Dorothy Moses Schulz: But Gascon has not backed down in LA. In fact, none of the progressive DAs have backed down, and crime is up in all their cities. I don't understand what they think their job is. I don't know. I could imagine if some police chief said, "Well, I'm just not going to enforce the law, and I'm going to tell my cops not to," I think people would be up in arms, even the people who want to "defund the police." But here you have people basically saying, "I'm getting elected to not do my job," and nobody seems to care. I find it very bizarre.

Brian Anderson: Yeah, we'll see. A lot of these DAs do get elected in very low-turnout elections, off-year elections sometimes, that can be dominated by just a handful of organized votes.

Dorothy Moses Schulz: The activists, so to speak.

Brian Anderson: It is a problem. Well, we're just going to have to see if people reach a point where they rise up and reject this at the ballot.
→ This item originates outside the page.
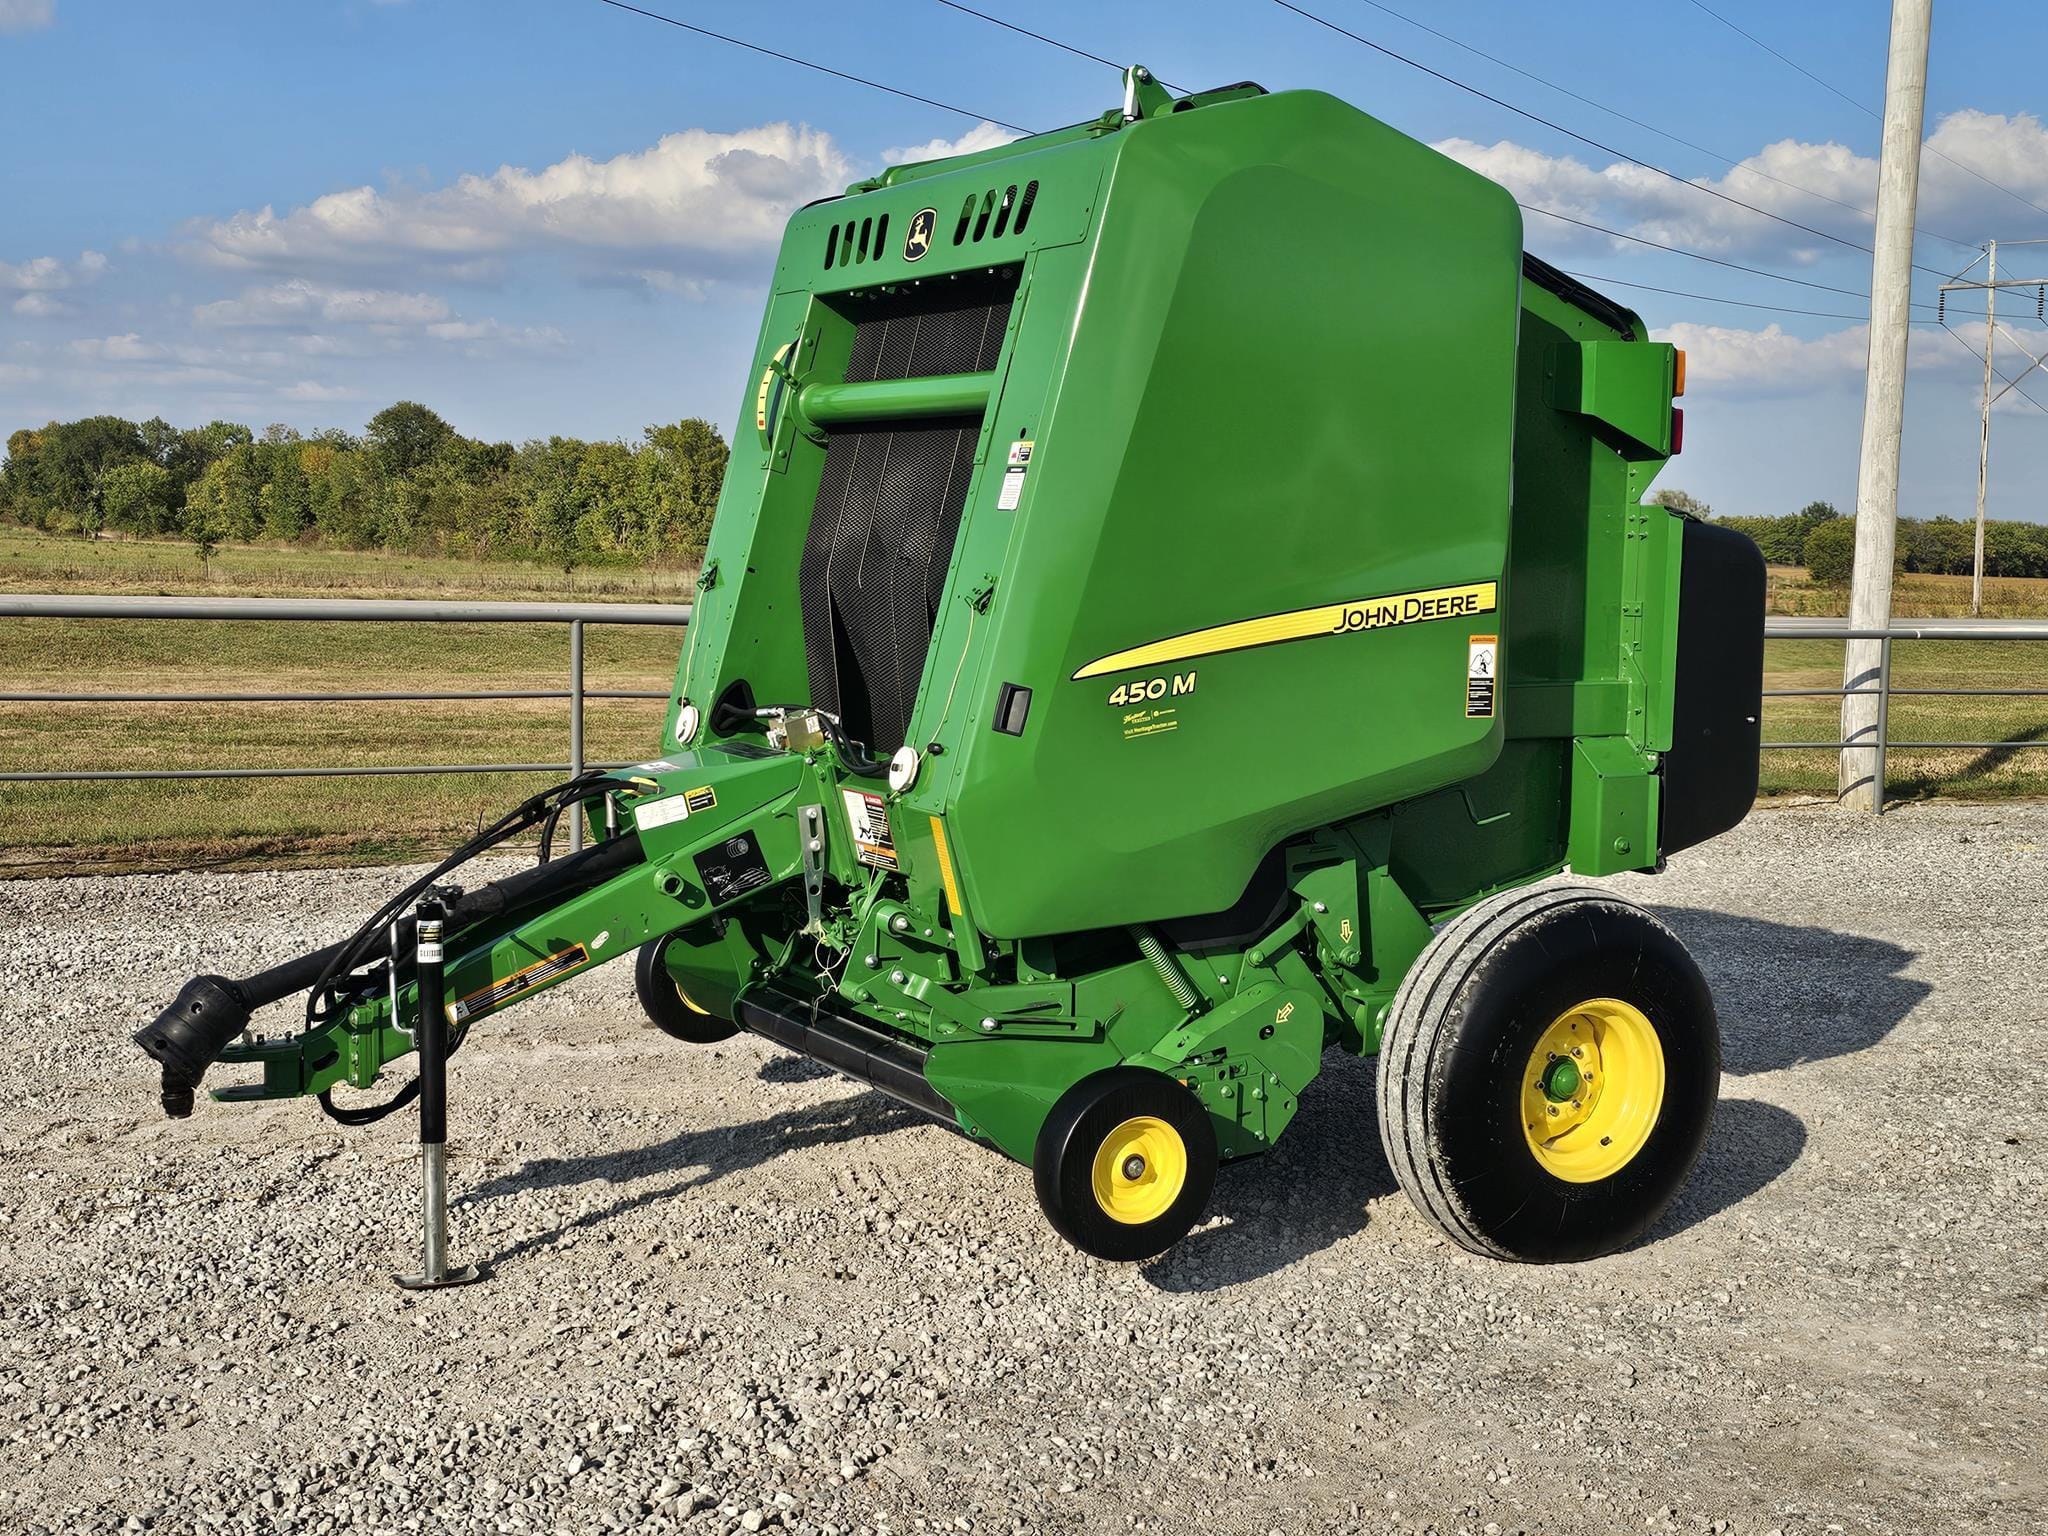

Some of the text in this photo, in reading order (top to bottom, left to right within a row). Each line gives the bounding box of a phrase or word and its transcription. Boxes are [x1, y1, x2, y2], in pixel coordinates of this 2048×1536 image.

[1333, 594, 1479, 631] JOHN DEERE
[1108, 671, 1197, 706] 450 M
Speaking of Los Angeles, your most recent piece, I'd like to just talk about that briefly. It's called Off the Rails in LA. We posted it several days ago. It's about this spate of package theft that's going on on the Union Pacific trains traveling through Los Angeles. A Union Pacific official appealed to the district attorney, Gascon, asking him to reconsider a December 2020 non-prosecution directive. The official noted that theft has gotten so bad in the LA area on the trains that UPS and FedEx were considering diverting rail business away from the city entirely. So what the heck is going on there?

Dorothy Moses Schulz: Well, you saw the lack of urgency. He didn't even respond. Somebody in his staff responded, which I found outrageous, and basically said, "Oh, well, we'll get around to it when we have time." I don't know what they're so busy with, because they're not prosecuting any crimes.
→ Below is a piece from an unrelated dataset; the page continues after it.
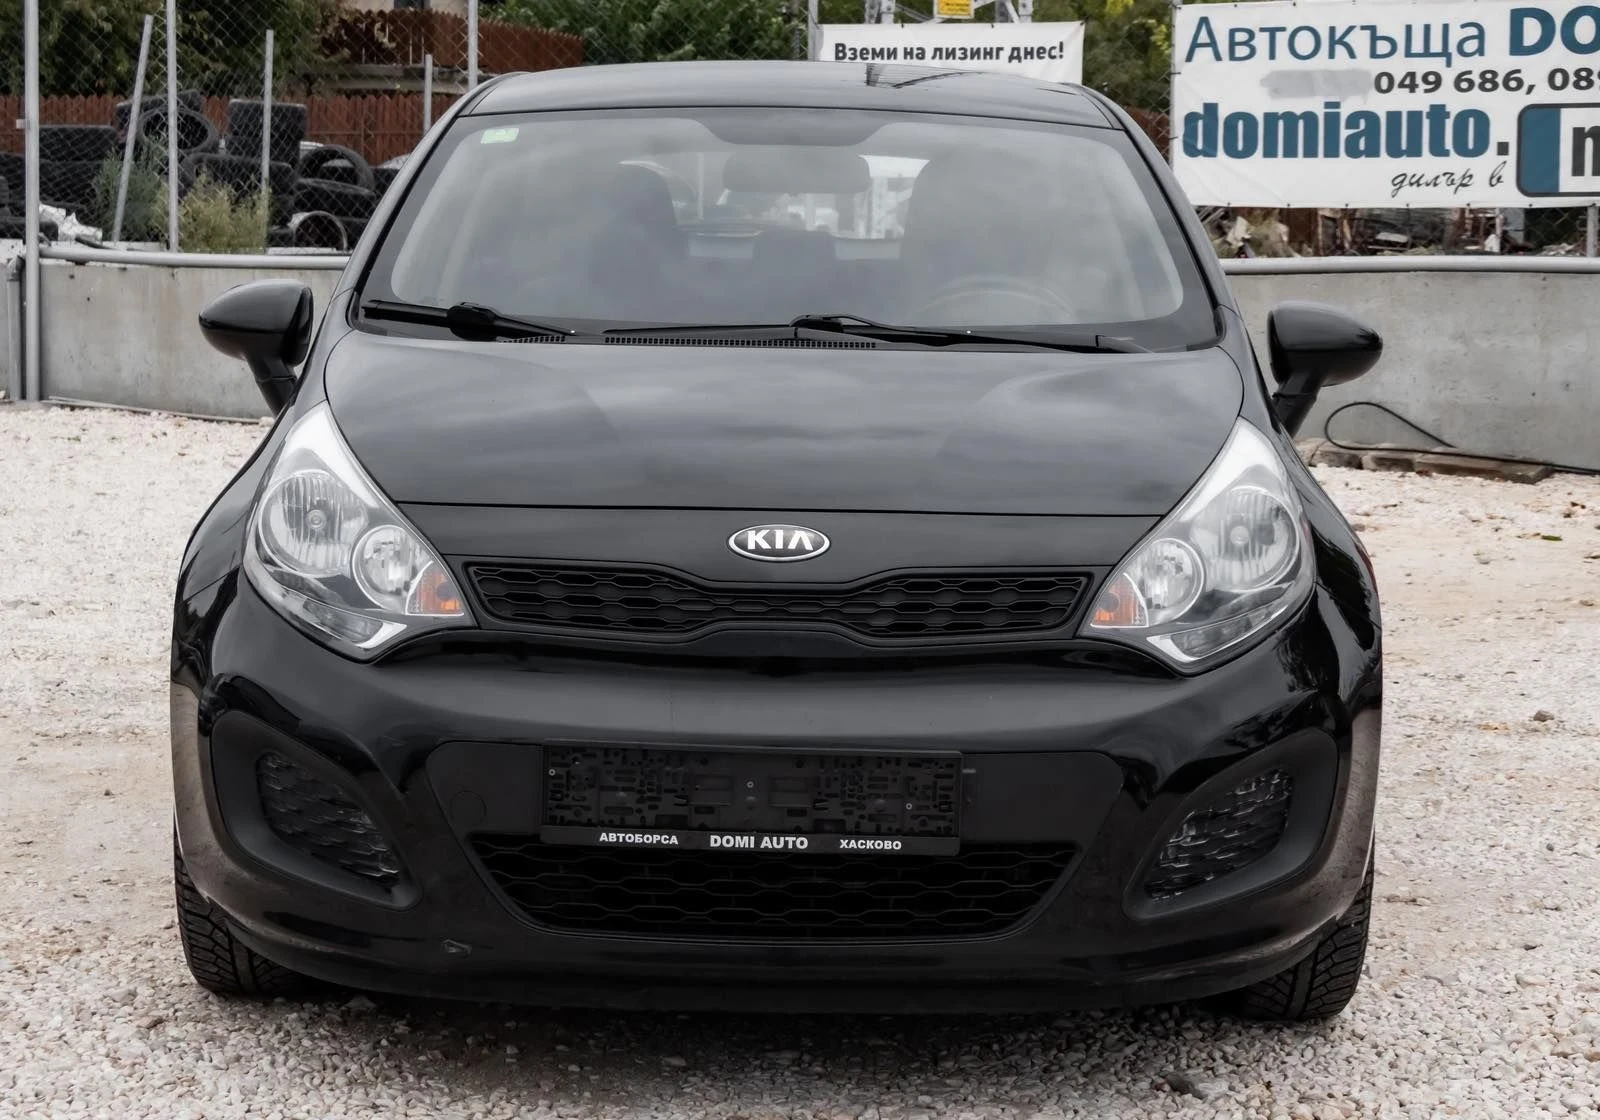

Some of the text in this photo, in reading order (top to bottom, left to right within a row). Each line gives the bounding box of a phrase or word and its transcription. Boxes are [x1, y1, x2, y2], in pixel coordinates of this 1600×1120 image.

The sheriff's department and the police department took the homicide of the police officer to the U.S. attorney because they didn't feel it would be handled sufficiently by the DA's office. So if they felt he was lackadaisical in his response to the off-duty shooting of a police officer, what chance does the Union Pacific have? Maybe they have more economic muscle, as some of the companies in New York are starting maybe to push back on Bragg. But if you're lackadaisical about dealing with the homicide of a police officer, or of anybody, how interested is he going to be in theft of property?

I don't know what's going to get these guys and gals, ladies and gentlemen, to wake up because, really, the people who are being hurt are the people who live in these communities. Bragg says he's going to keep people out of jail. Well, that's nice, but the people who he's keeping out of jail are victimizing the people in their neighborhoods primarily. They're not victimizing people on the Upper East Side or people who take limousines to their office. They're victimizing the people who need to get around in New York or in LA.

A nurse about to retire was just killed at a bus stop in LA. The mayor is trying now to do something in California, San Francisco, LA. Even those who were in favor of less enforcement, mayors who are now looking for greater levels of enforcement are not getting any encouragement. They're getting pushback.

Brian Anderson: Yeah. It's a remarkable situation, and it shows how quickly things can unravel with the wrong policies in place and the wrong people in office. So we've just got to hope, again, that the problem is so grave that folks are going to take political action.

Dorothy, thanks very much for coming on again. Our guest today was Dorothy Moses Schulz. Her work is found on the City Journal website. You can check that out. I will link to her author page in the description. You can also find City Journal on Twitter @CityJournal, and on Instagram @cityjournal_mi. And if you like what you've heard on today's podcast, please give us nice ratings on iTunes.

Dorothy, thanks. Always great to talk with you.

Dorothy Moses Schulz: My pleasure. Have a great day.